> [Task requirements]: Your task is to transcribe the records exactly, skipping every image.

Start of Data for this task

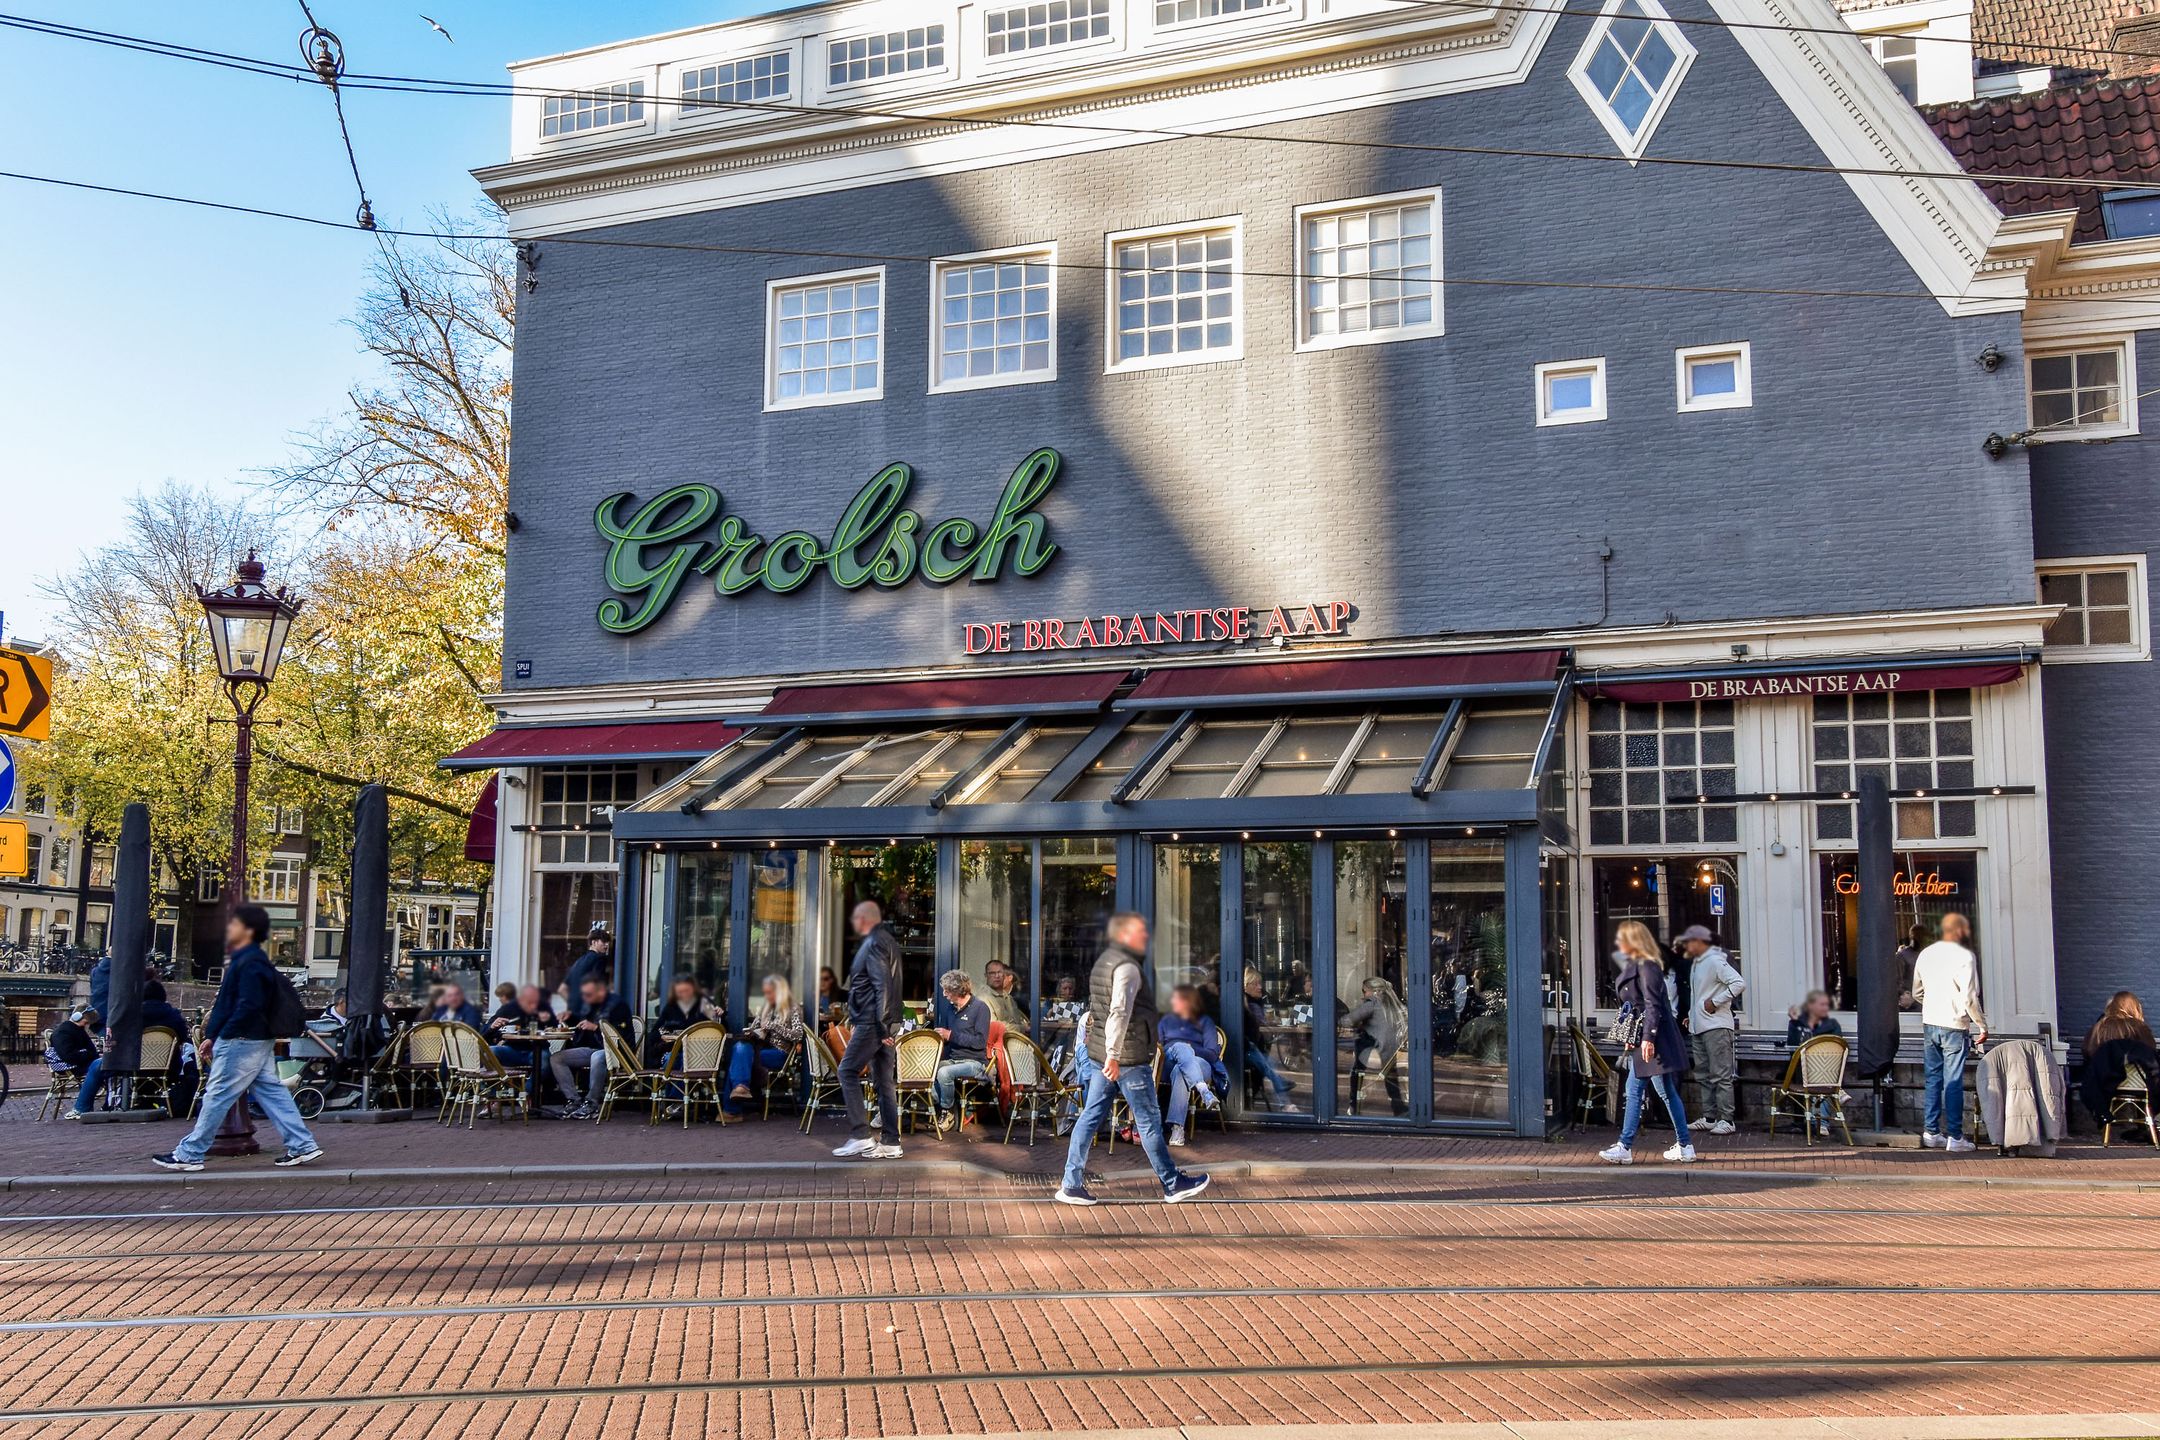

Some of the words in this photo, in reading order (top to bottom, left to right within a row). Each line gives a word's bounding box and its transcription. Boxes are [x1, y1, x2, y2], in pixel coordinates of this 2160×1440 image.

[594, 446, 1060, 634] Grolsch
[963, 621, 1012, 655] DE
[1021, 606, 1250, 651] BRABANTSE
[1264, 600, 1351, 638] AAP
[1689, 681, 1718, 698] DE
[1722, 675, 1849, 697] BRABANTSE
[1853, 672, 1901, 691] AAP
[1926, 873, 1955, 895] bier

End of Data for this task

> [Result below]:
Some of the words in this photo, in reading order (top to bottom, left to right within a row). Each line gives a word's bounding box and its transcription. Boxes are [x1, y1, x2, y2], in pixel coordinates of this 2160×1440 image.

[594, 446, 1060, 634] Grolsch
[963, 621, 1012, 655] DE
[1021, 606, 1250, 651] BRABANTSE
[1264, 600, 1351, 638] AAP
[1689, 681, 1718, 698] DE
[1722, 675, 1849, 697] BRABANTSE
[1853, 672, 1901, 691] AAP
[1926, 873, 1955, 895] bier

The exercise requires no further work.